Stored data entries:
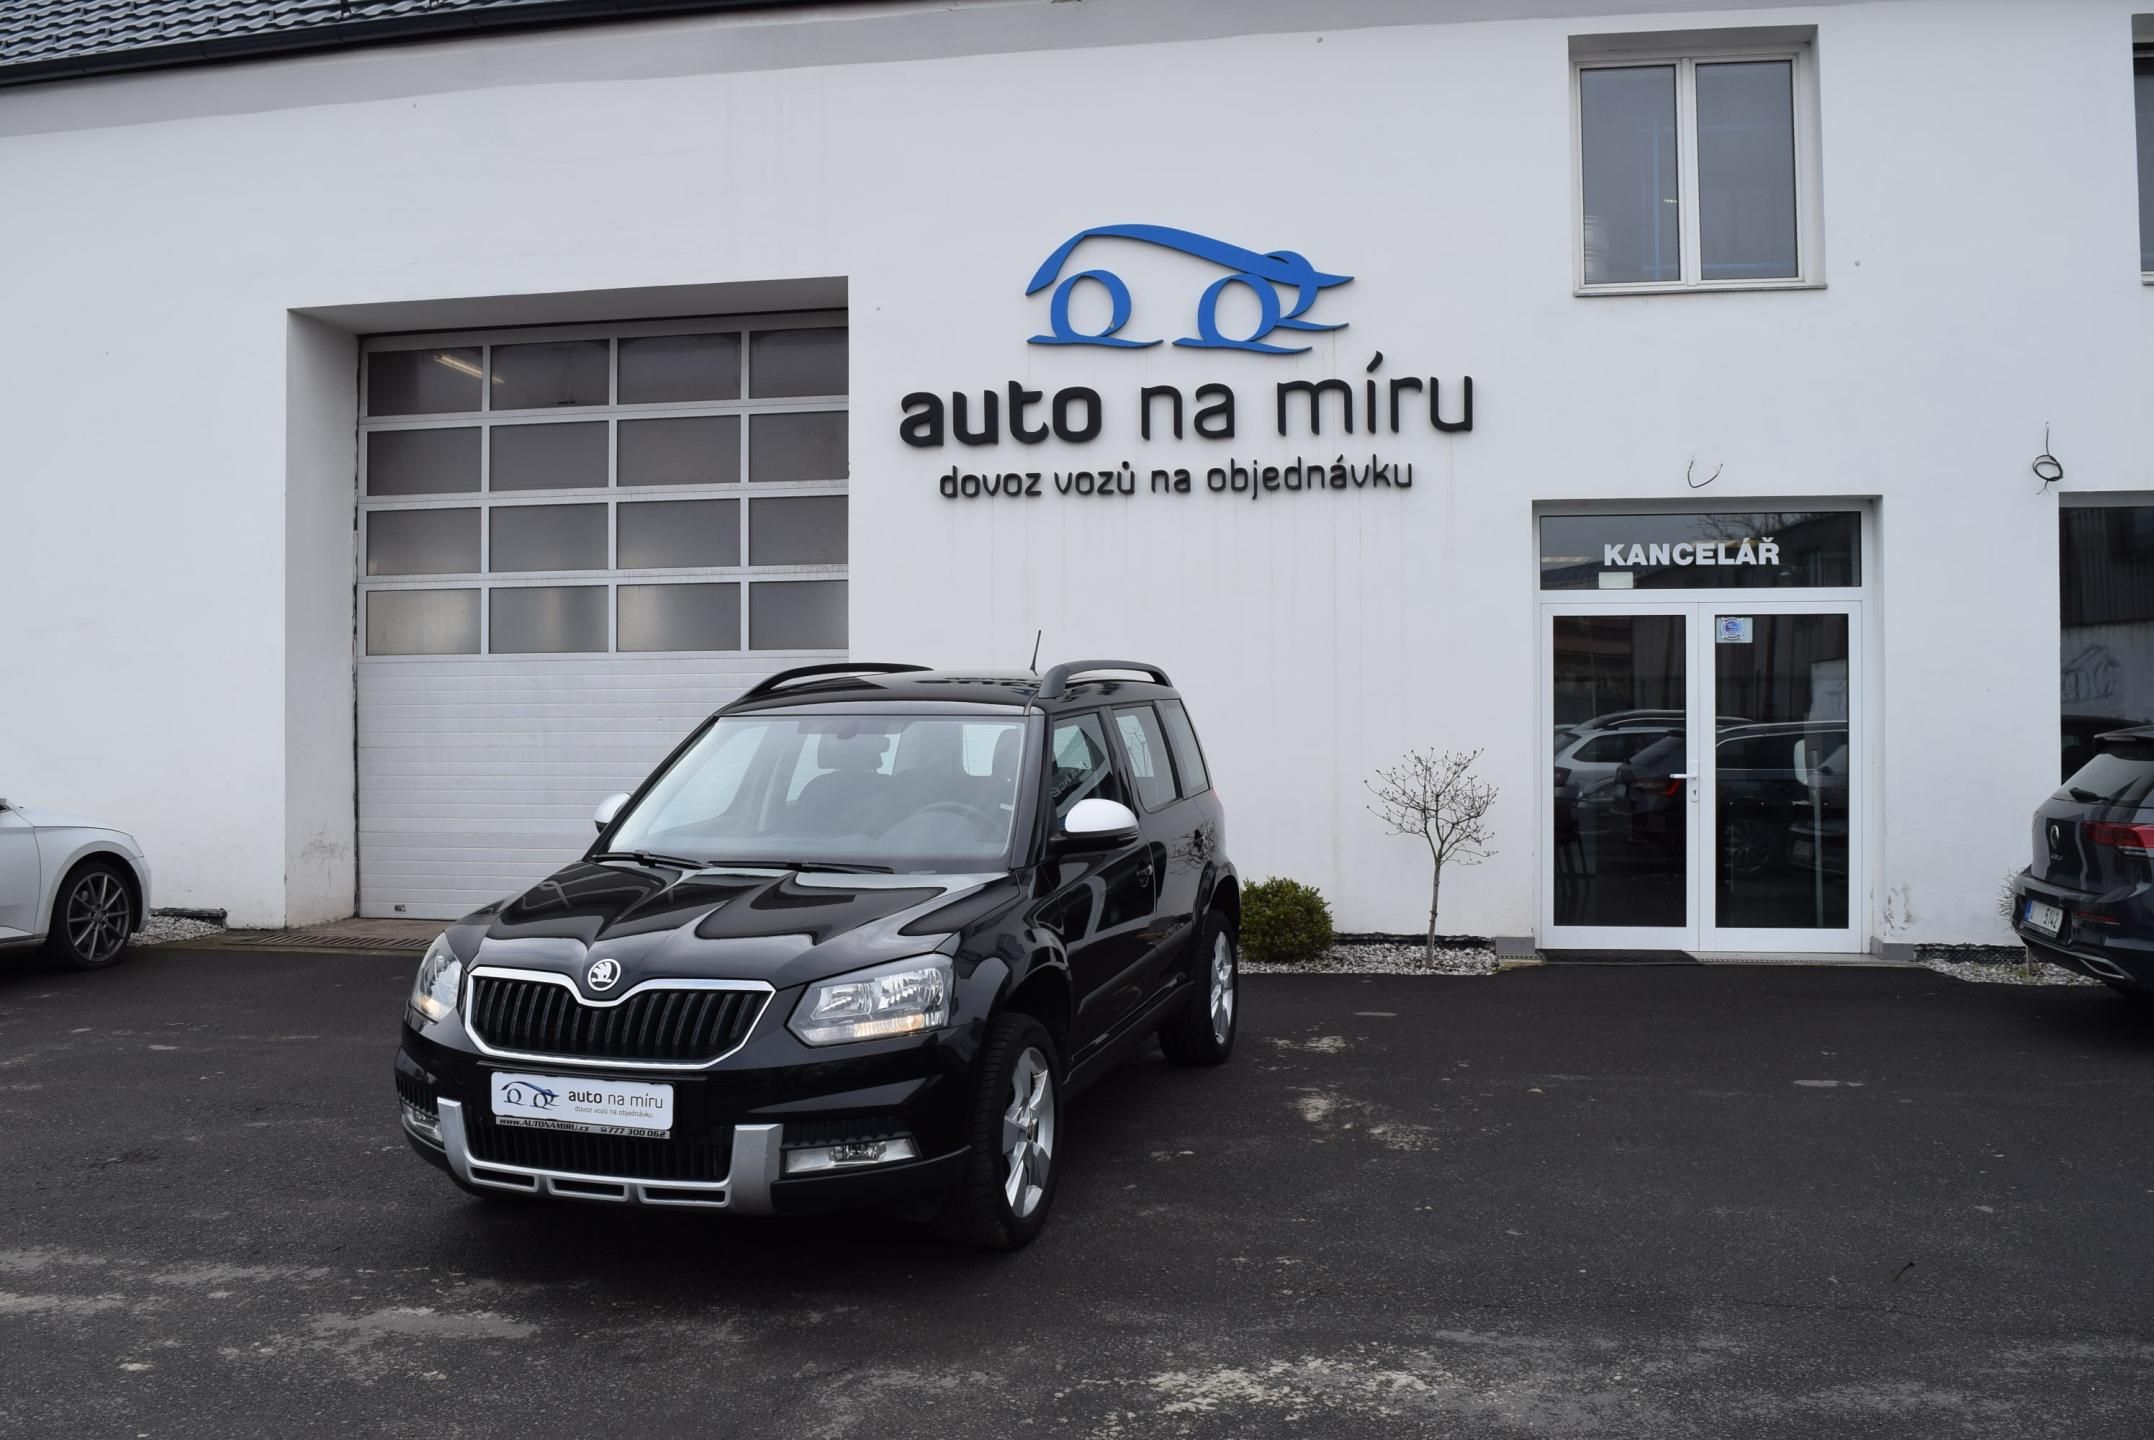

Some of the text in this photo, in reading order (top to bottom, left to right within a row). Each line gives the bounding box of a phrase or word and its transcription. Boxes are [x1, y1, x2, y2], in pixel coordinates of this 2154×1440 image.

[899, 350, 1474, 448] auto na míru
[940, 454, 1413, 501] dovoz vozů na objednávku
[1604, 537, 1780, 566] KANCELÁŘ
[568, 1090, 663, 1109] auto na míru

= Task goal =
The entries above, every one of them, should be retyped exactly, with no pictures carried over.

= Task answer =
Some of the text in this photo, in reading order (top to bottom, left to right within a row). Each line gives the bounding box of a phrase or word and its transcription. Boxes are [x1, y1, x2, y2], in pixel coordinates of this 2154×1440 image.

[899, 350, 1474, 448] auto na míru
[940, 454, 1413, 501] dovoz vozů na objednávku
[1604, 537, 1780, 566] KANCELÁŘ
[568, 1090, 663, 1109] auto na míru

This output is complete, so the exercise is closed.